Recorded data:
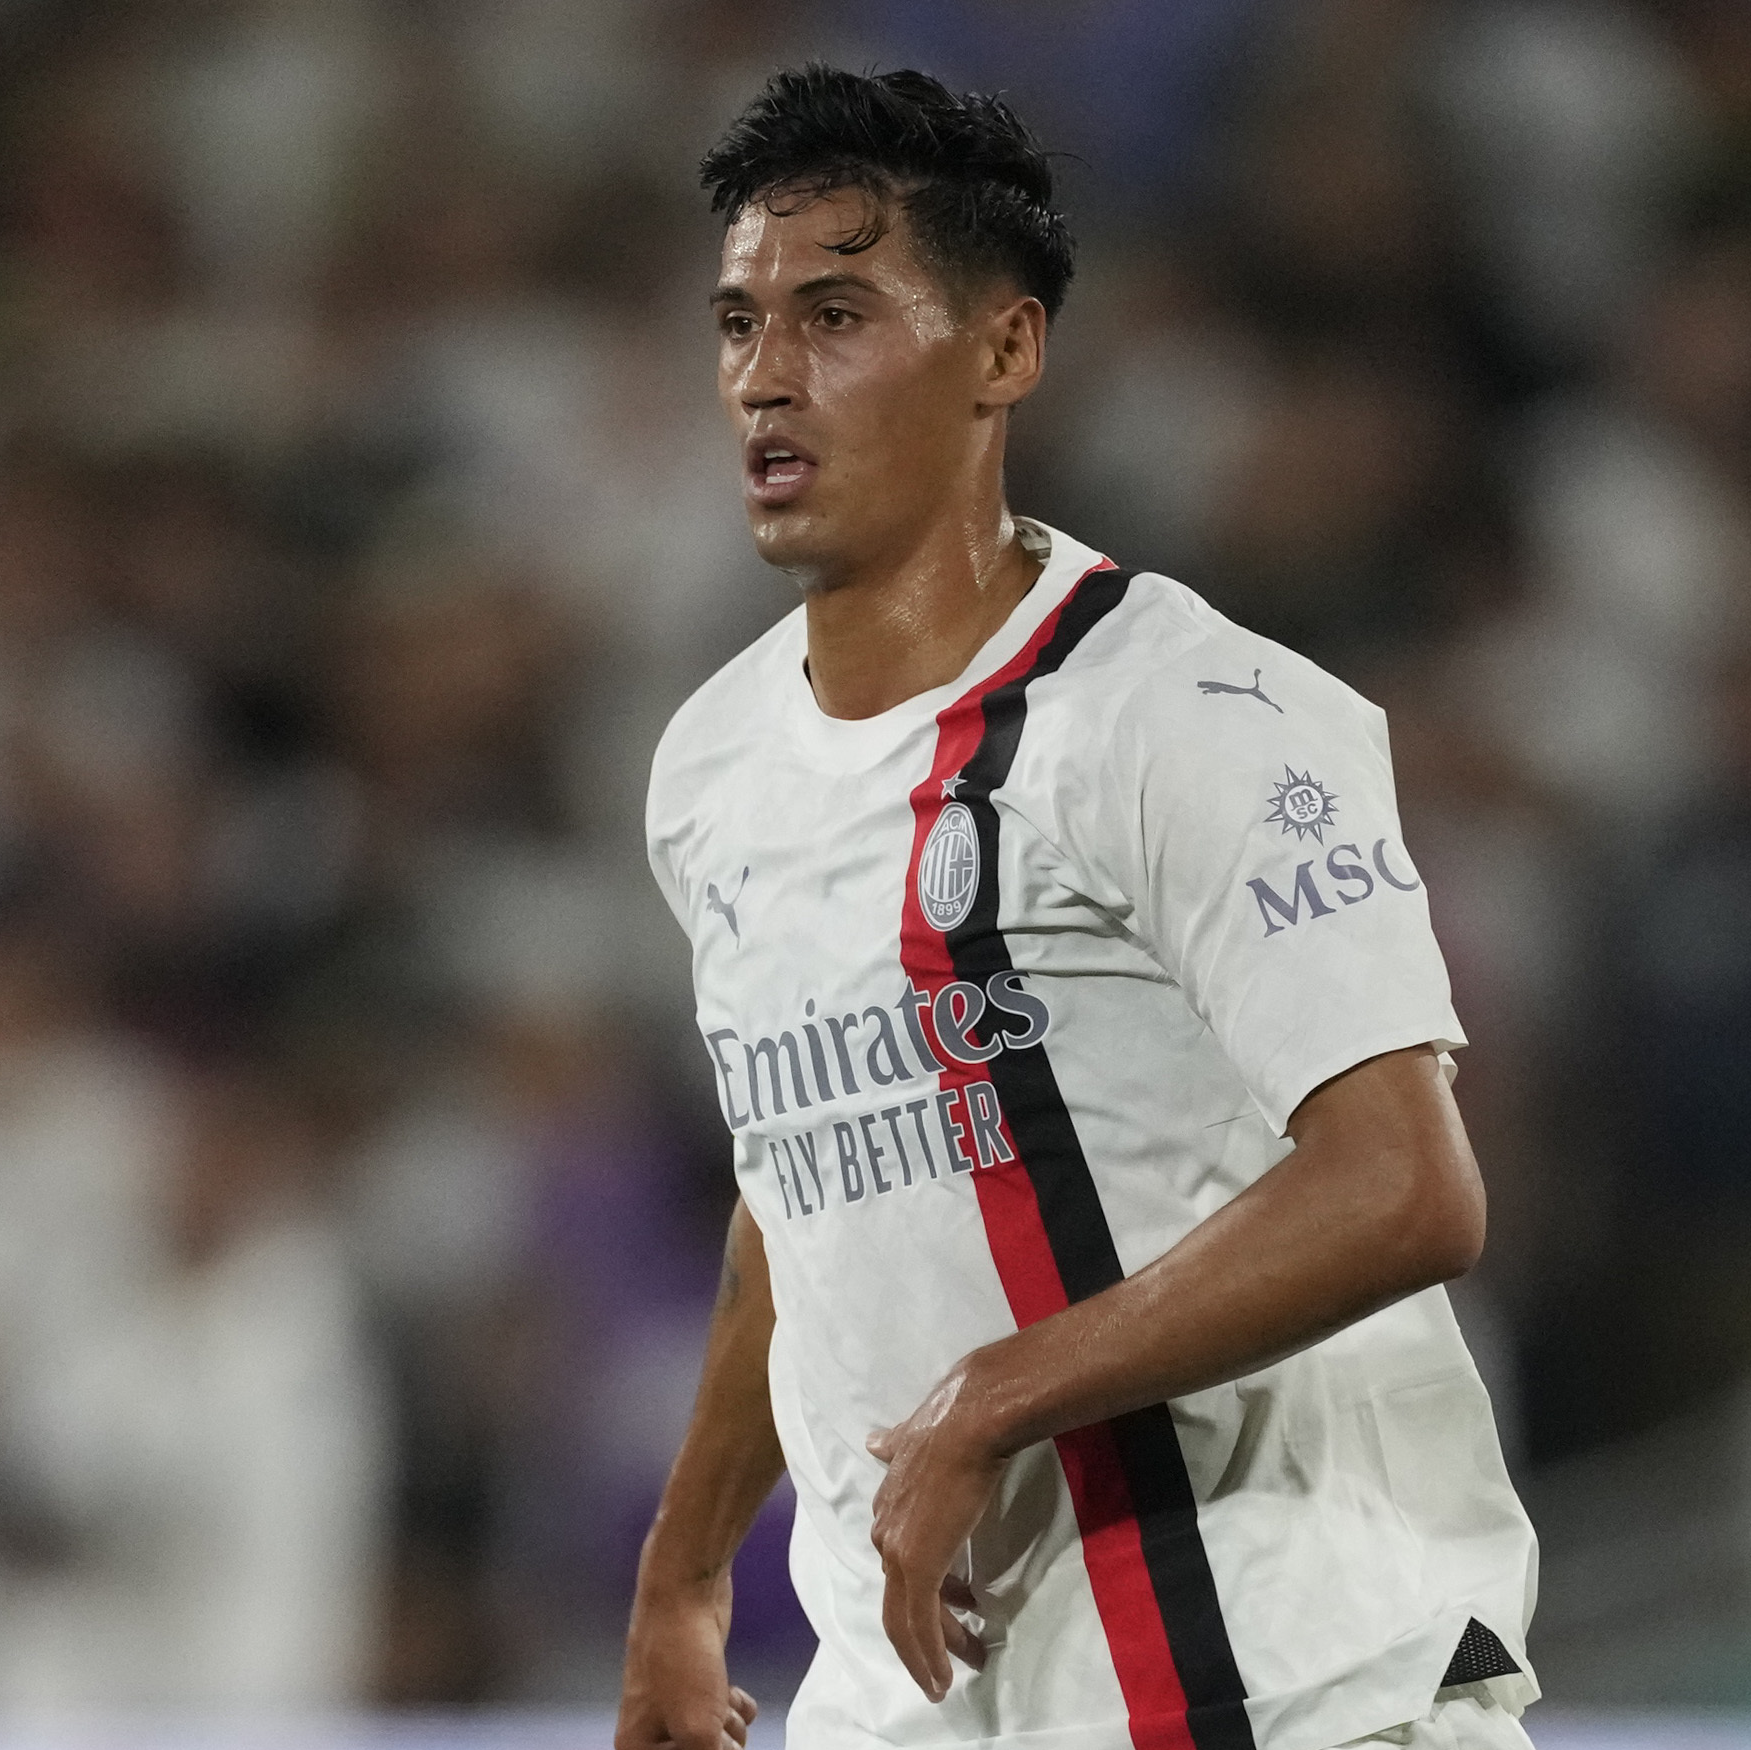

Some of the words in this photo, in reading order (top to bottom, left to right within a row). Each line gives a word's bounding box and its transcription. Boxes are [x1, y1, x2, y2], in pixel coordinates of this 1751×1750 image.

[940, 813, 969, 834] ACM
[931, 900, 963, 917] 1899
[1245, 837, 1421, 939] MSC
[706, 970, 1051, 1131] Emirates
[768, 1130, 826, 1221] FLY
[832, 1080, 1016, 1204] BETTER
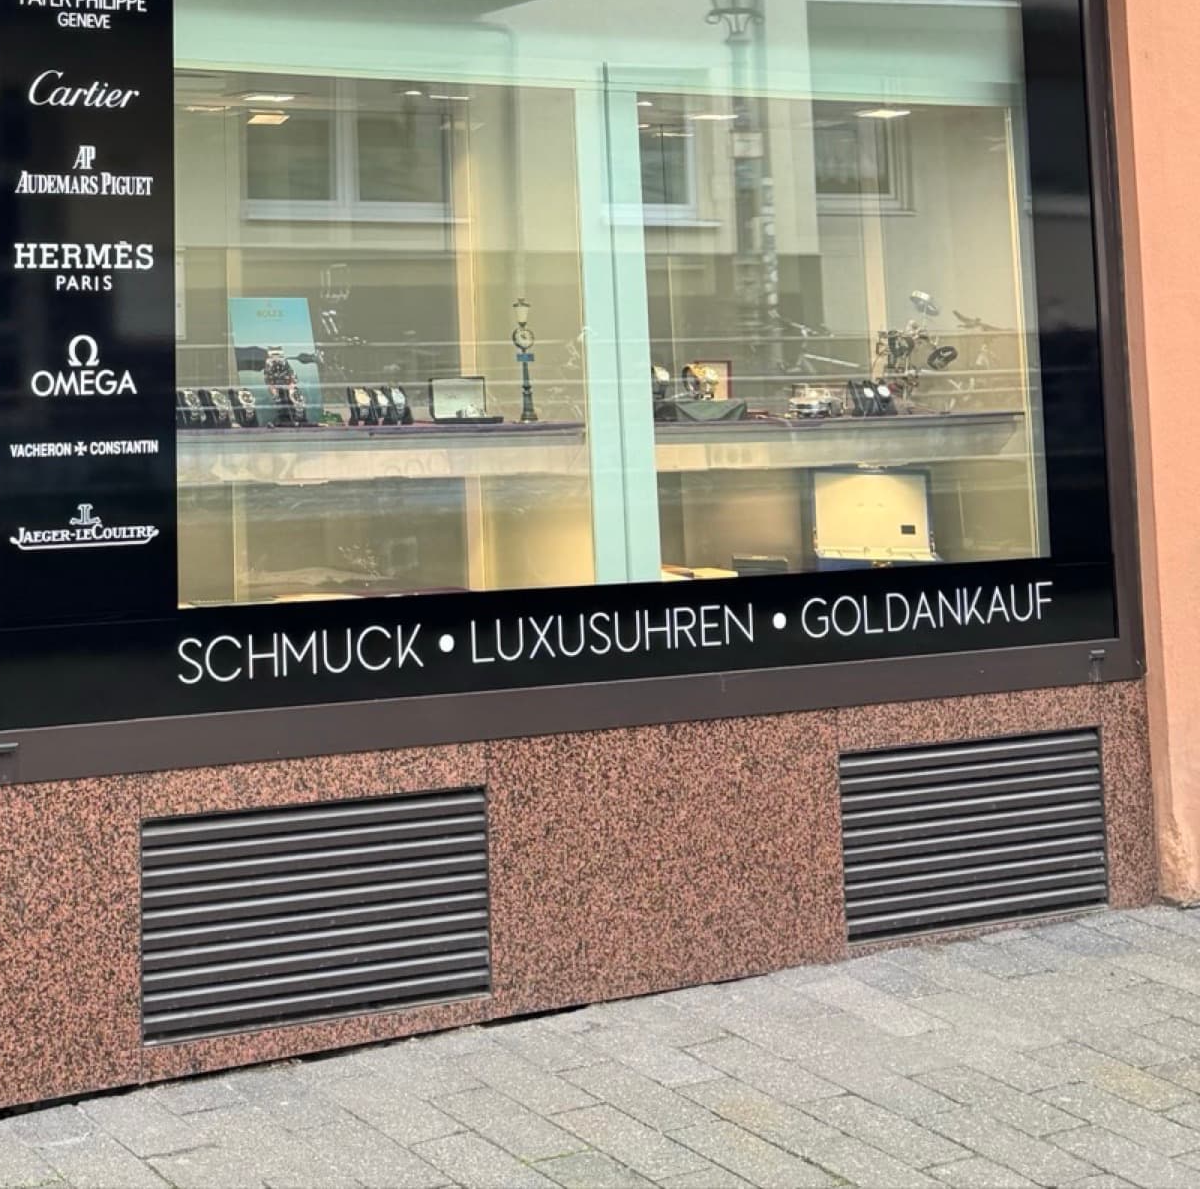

What this task involves: Reproduce the entire listing exactly, but omit any pictures.

Answer to this task:
Some of the words in this photo, in reading order (top to bottom, left to right within a row). Each line gives a word's bounding box and its transcription. Boxes are [x1, y1, x2, y2], in pixel coordinates of this 1751×1750 image.

[940, 813, 969, 834] ACM
[931, 900, 963, 917] 1899
[1245, 837, 1421, 939] MSC
[706, 970, 1051, 1131] Emirates
[768, 1130, 826, 1221] FLY
[832, 1080, 1016, 1204] BETTER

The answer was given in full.